Quote:
Originally Posted by
ascii 
I honestly have no sympathy for Flash and Java. Bill Gates' great insight, the one that made him the richest man in the world, was that he could insert himself between hardware vendors and developers and thereby make them irrelevant and himself the powerful one. What these companies are trying to do with Java and Flash is pull a Bill Gates on the OS vendors, they are trying to be the next Microsoft, so don't be so ready to defend them.
It's like Inception, layer upon layer upon layer. And people wonder why things get slower

Something that
solipsism jokingly mentioned earler about Oracle's "replacement" for Java brought up a serious thought of mine: What can Java do that HTML5 can't?

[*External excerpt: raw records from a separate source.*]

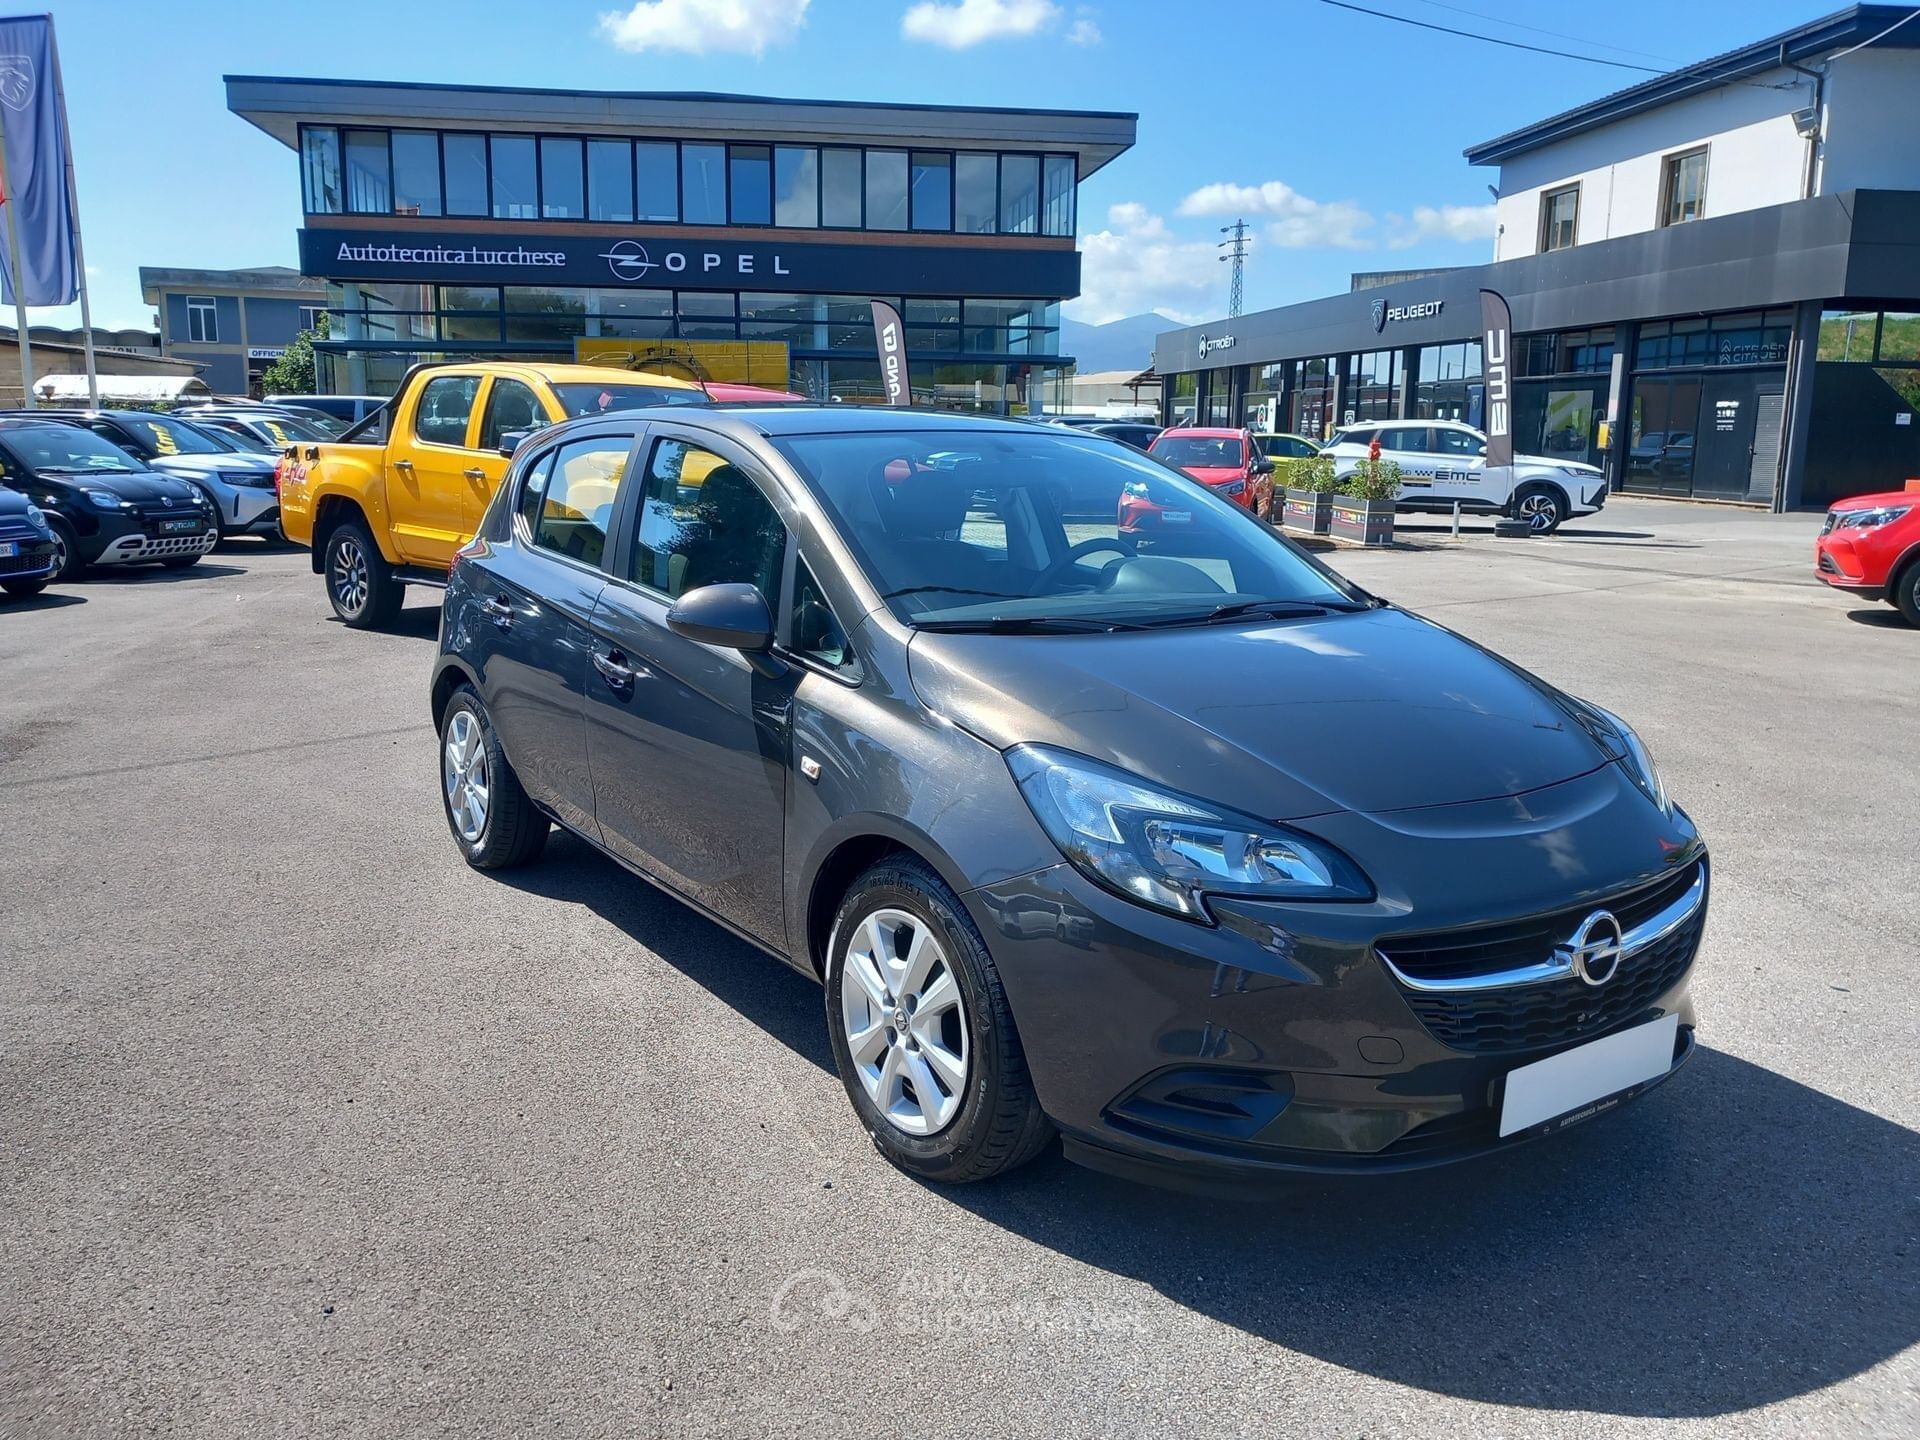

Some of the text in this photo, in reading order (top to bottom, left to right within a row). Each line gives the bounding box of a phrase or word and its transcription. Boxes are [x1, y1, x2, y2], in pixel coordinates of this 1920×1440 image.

[336, 242, 566, 266] Autotecnica Lucchese
[665, 252, 790, 276] OPEL
[1387, 301, 1443, 321] PEUGEOT
[1435, 471, 1481, 482] EMC
[165, 521, 196, 532] SPOTICAR
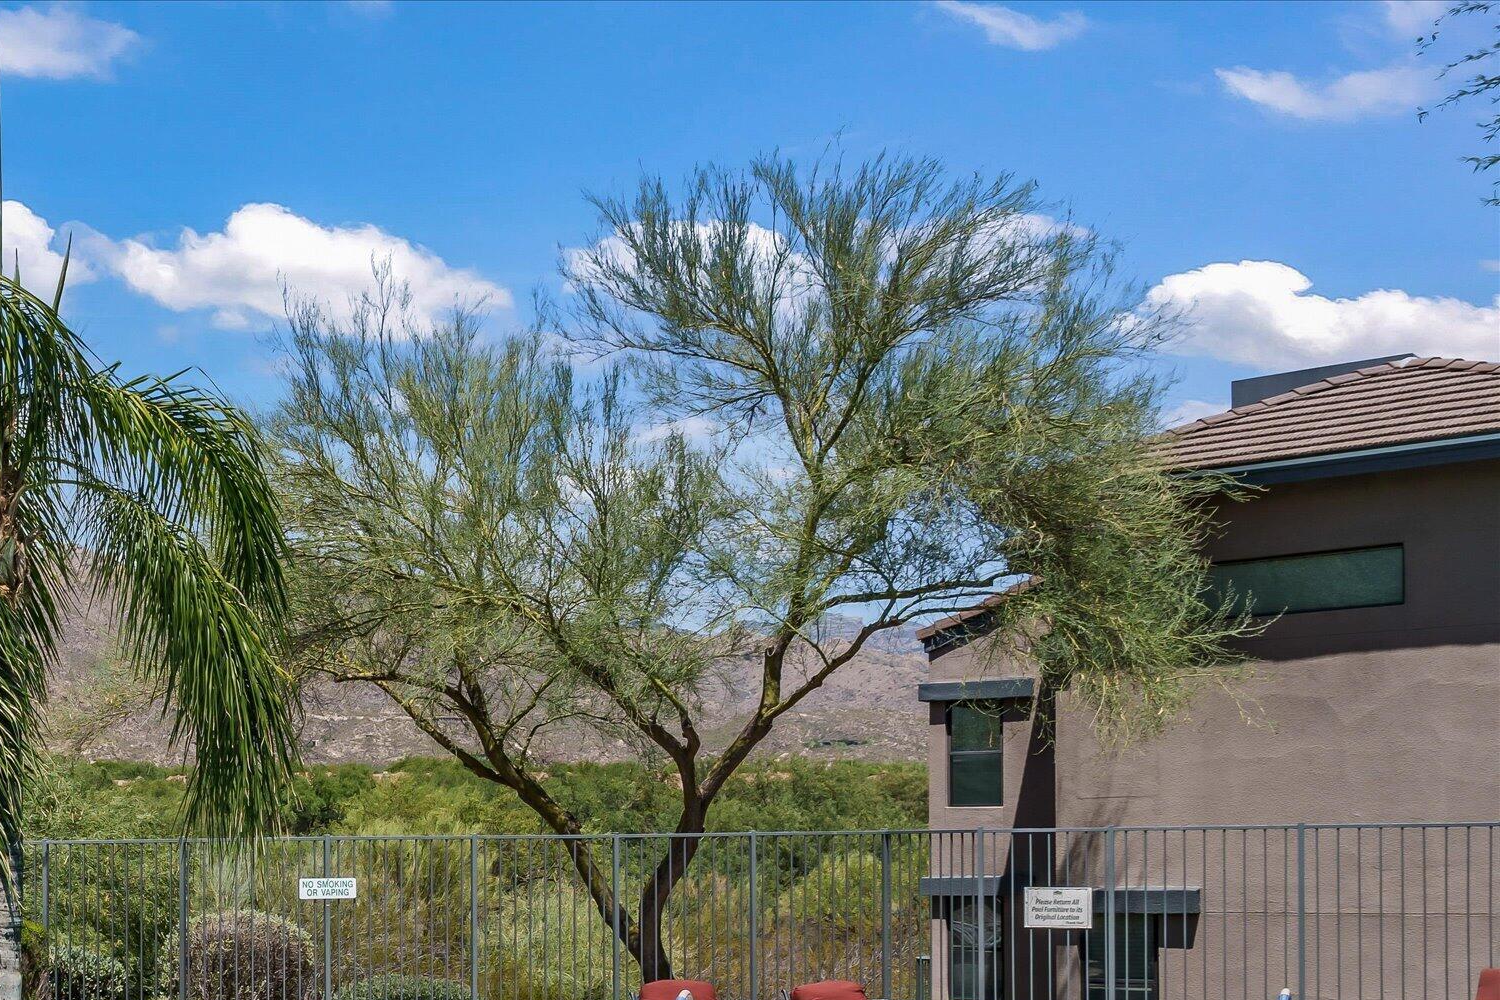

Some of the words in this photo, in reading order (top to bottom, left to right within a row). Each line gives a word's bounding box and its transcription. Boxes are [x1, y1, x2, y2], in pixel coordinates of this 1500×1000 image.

[302, 880, 314, 888] NO
[317, 880, 353, 888] SMOKING
[306, 888, 318, 896] OR
[320, 888, 350, 896] VAPING

Couldn't the National Weather Service use HTML5, instead of Java, to enable radar animations? I can't think of any other top-tier legitimate sites that use Java on a mass scale; Java's a pretty pathetic plugin, when you think about it. Right now, Java and Flash are needed to play some media, but in time, perhaps that could be largely, if not entirely, eliminated with HTML5 and/or browser sniffing.
Quote:
Originally Posted by
Drow_Swordsman 
I don't remember any Windows computer I've owned coming with Flash either - nor most browsers, when I switched to Firefox on Windows XP I remember it needing to download flash again. No biggie.

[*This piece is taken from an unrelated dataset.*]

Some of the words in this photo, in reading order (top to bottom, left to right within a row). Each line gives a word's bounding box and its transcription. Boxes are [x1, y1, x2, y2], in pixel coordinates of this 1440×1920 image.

Internet Explorer needs a different version of Flash than the Firefox/Chrome version, to account for ActiveX. That said, I recommend installing Chrome instead of Firefox. Chrome now includes built-in Flash and PDF viewing, with no additional downloads required. I'd recommend the browser for reasons other than Flash and PDF integration, but that's another story....
Quote:
Originally Posted by
sessamoid 
"For its part, Adobe fired back and said that any crashes of Flash in Mac OS X are not related to its software, but are instead the fault of Apple's operating system."
That is such a load of crap. I have a relative who works at Adobe on desktop Flash player. This relative doesn't have a very high opinion of Flash player's stability on OS X. The recommendation I got was that you run nothing else on that browser, or at least nothing else that you care about keeping, if you plan on playing any Flash content on OS X.
Or just install ClickToFlash, which is what I did with my mom's computer about a month ago. OK, so I installed it mainly to preserve CPU and RAM from being used on Flash ads, but there have been far fewer Safari crashes since...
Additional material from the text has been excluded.